**Supplied information**

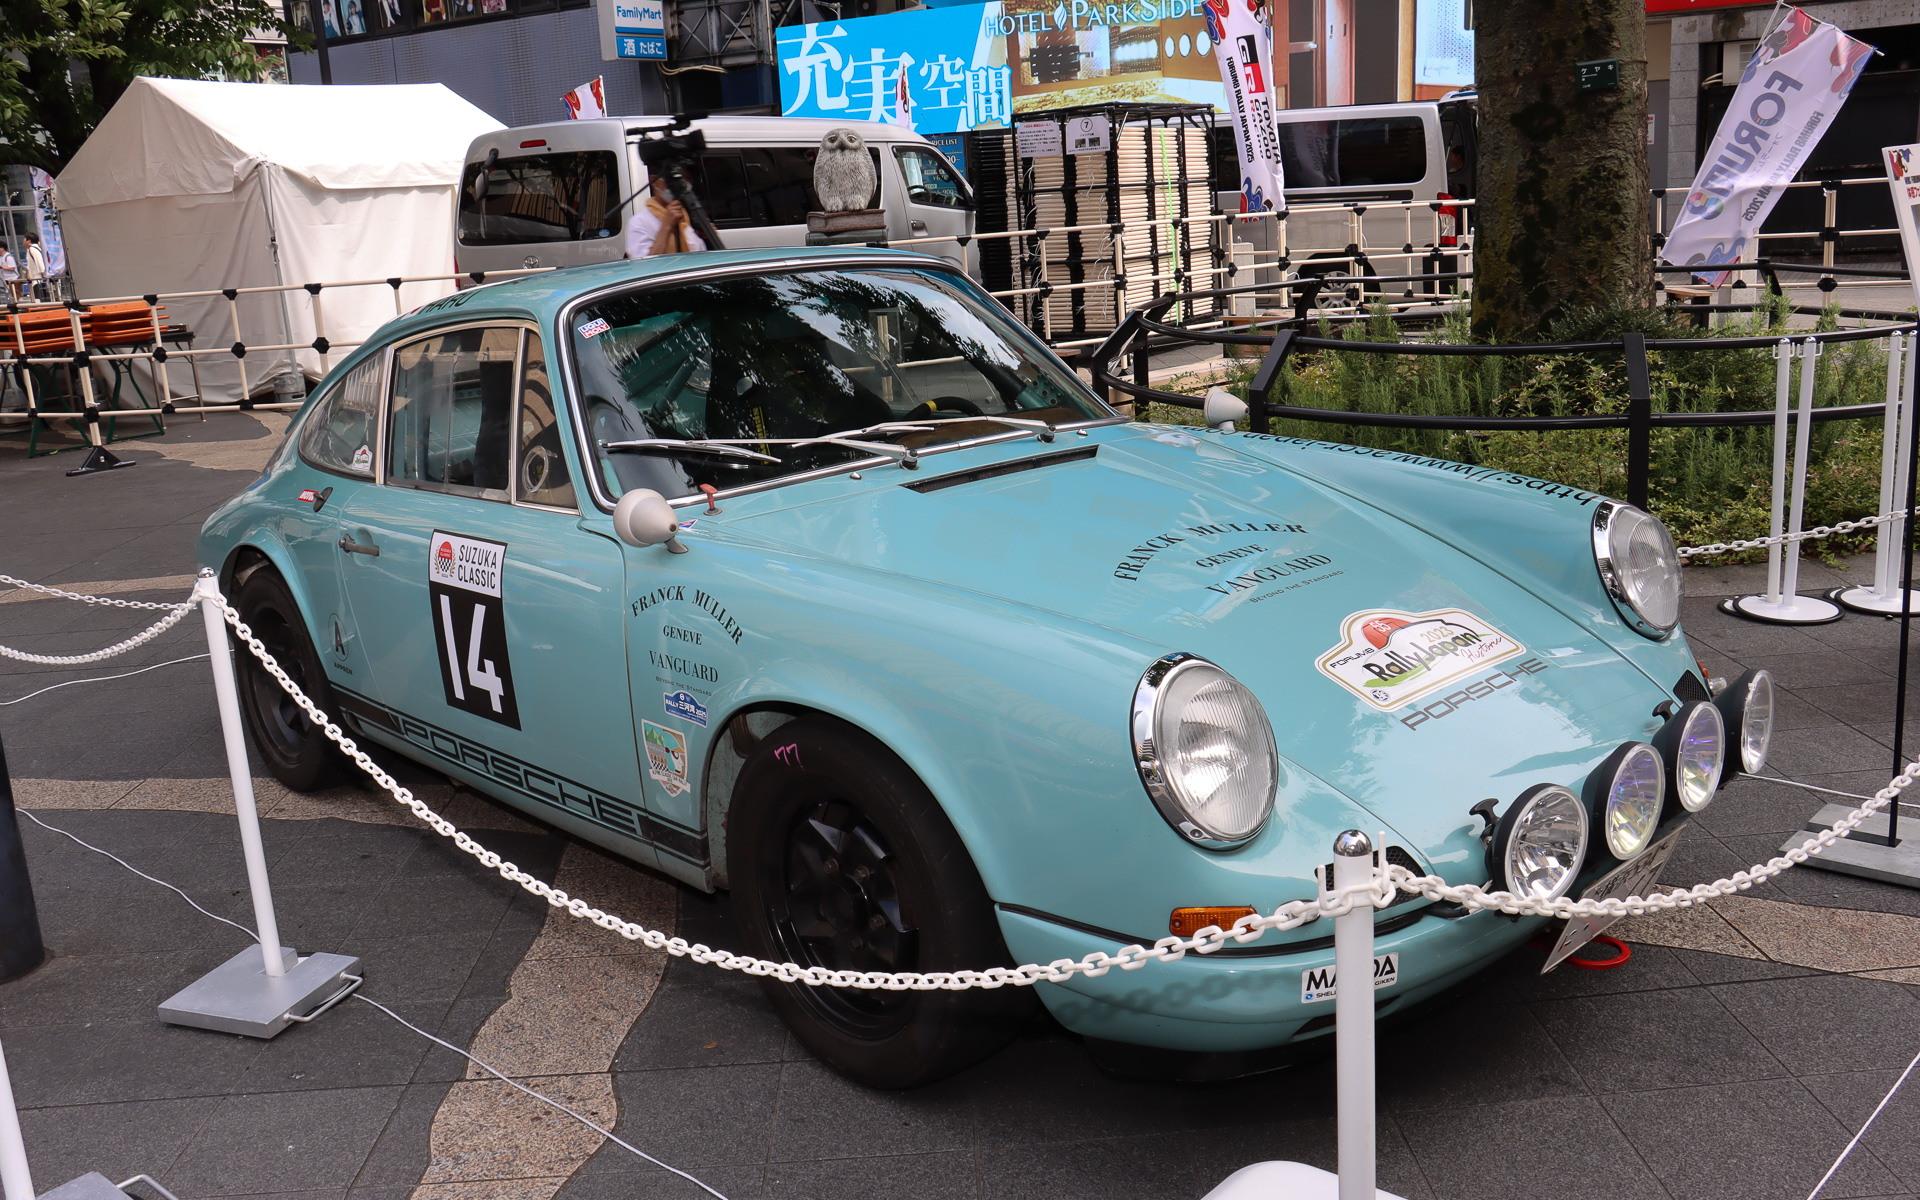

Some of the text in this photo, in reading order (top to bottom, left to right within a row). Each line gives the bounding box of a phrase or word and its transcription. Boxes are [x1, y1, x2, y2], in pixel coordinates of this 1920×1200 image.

[616, 5, 662, 21] FamilyMart
[985, 13, 1052, 37] HOTEL
[624, 39, 663, 56] 酒 たばこ
[776, 23, 1012, 131] 充実空間
[1226, 56, 1255, 163] FORUM8 RALLY JAPAN 2025
[1254, 99, 1271, 159] GAZOO
[1261, 96, 1282, 165] TOYOTA
[459, 544, 497, 569] SUZUKA
[1113, 523, 1310, 582] FRANCK MULLER
[1195, 543, 1269, 568] GENEVE
[457, 564, 496, 589] CLASSIC
[1204, 553, 1332, 596] VANGUARD
[631, 585, 743, 645] FRANCK MULLER
[663, 624, 703, 646] GENEVE
[1420, 626, 1455, 643] 2023
[439, 594, 505, 714] 14
[648, 650, 719, 683] VANGUARD
[1329, 647, 1375, 669] FORUM8
[1400, 657, 1549, 731] PORSCHE
[774, 743, 803, 769] 77
[402, 718, 638, 835] PORSCHE
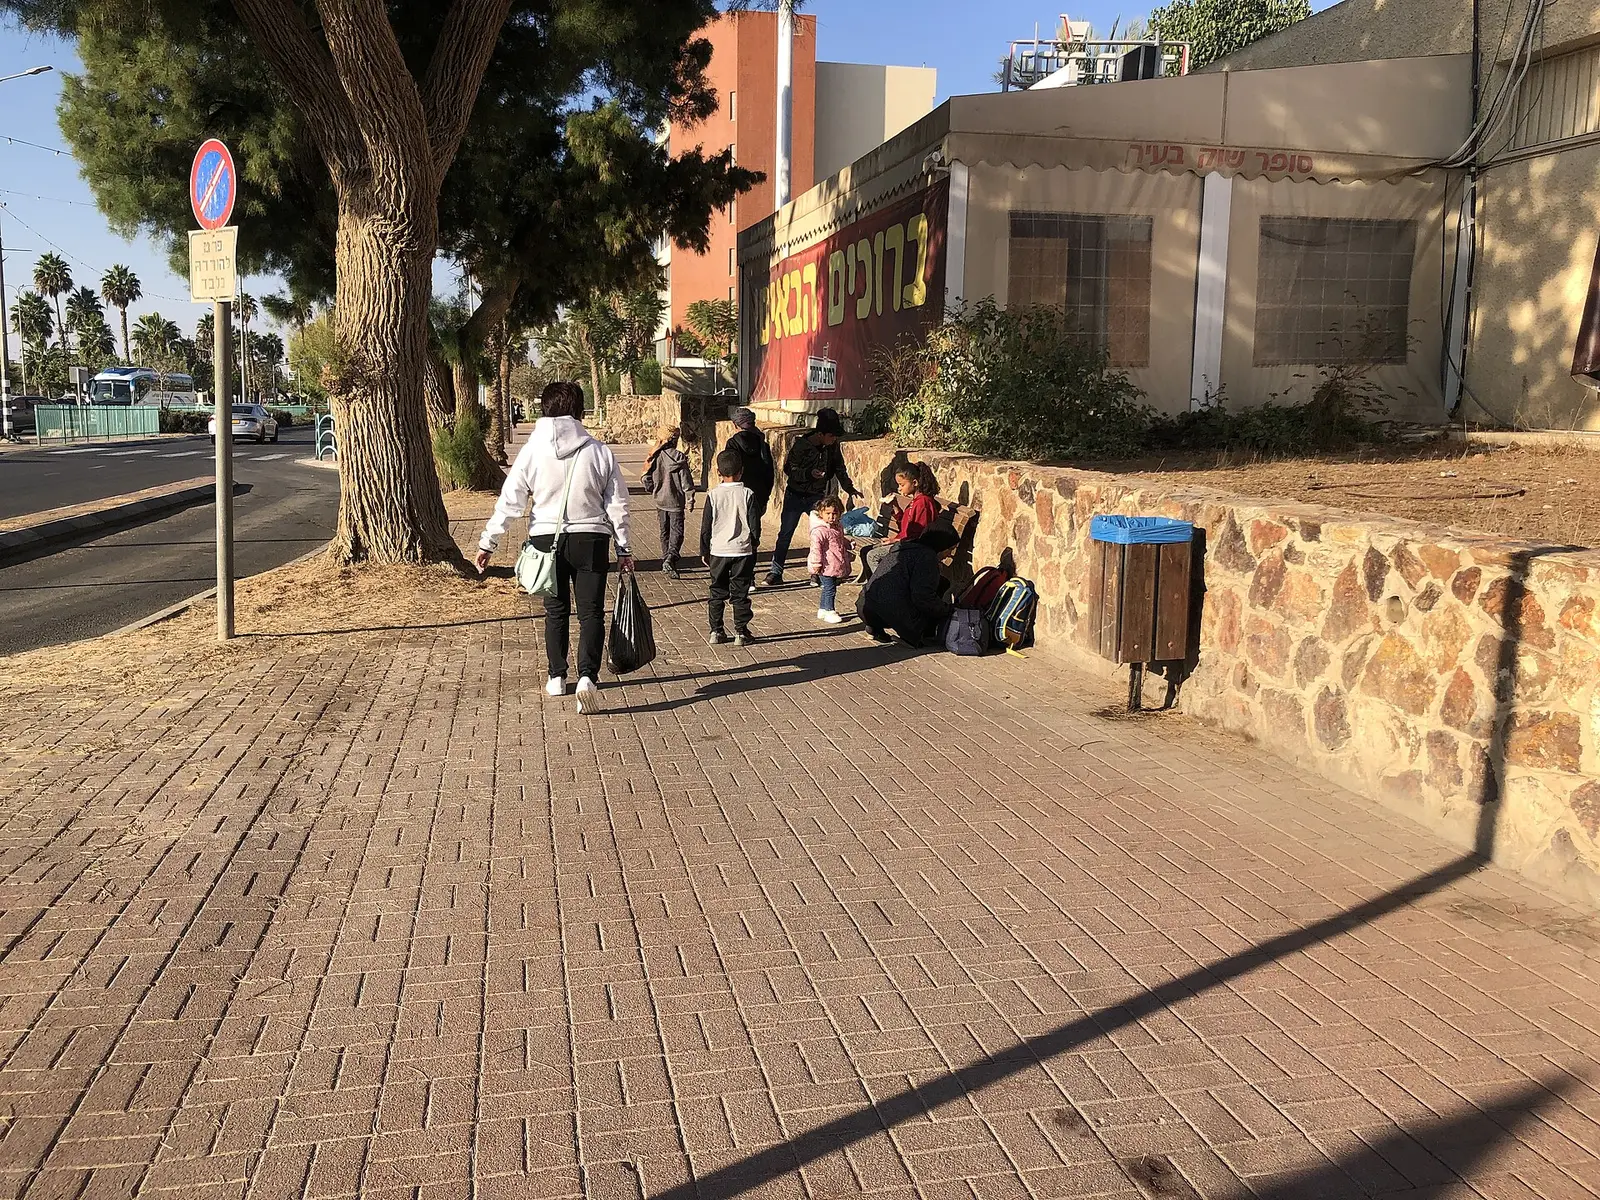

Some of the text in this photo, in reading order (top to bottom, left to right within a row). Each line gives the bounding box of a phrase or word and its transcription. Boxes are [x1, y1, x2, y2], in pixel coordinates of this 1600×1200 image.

[1129, 143, 1314, 174] סופר שוק בעיר
[203, 240, 223, 253] פרט
[194, 255, 231, 272] להורדה
[758, 212, 929, 346] ברוכים הבאים

**Requirement**
Using the entries above, copy exactly the lines from the one containing "this 1600×1200 image." through the last, both included.

**Your solution**
Some of the text in this photo, in reading order (top to bottom, left to right within a row). Each line gives the bounding box of a phrase or word and its transcription. Boxes are [x1, y1, x2, y2], in pixel coordinates of this 1600×1200 image.

[1129, 143, 1314, 174] סופר שוק בעיר
[203, 240, 223, 253] פרט
[194, 255, 231, 272] להורדה
[758, 212, 929, 346] ברוכים הבאים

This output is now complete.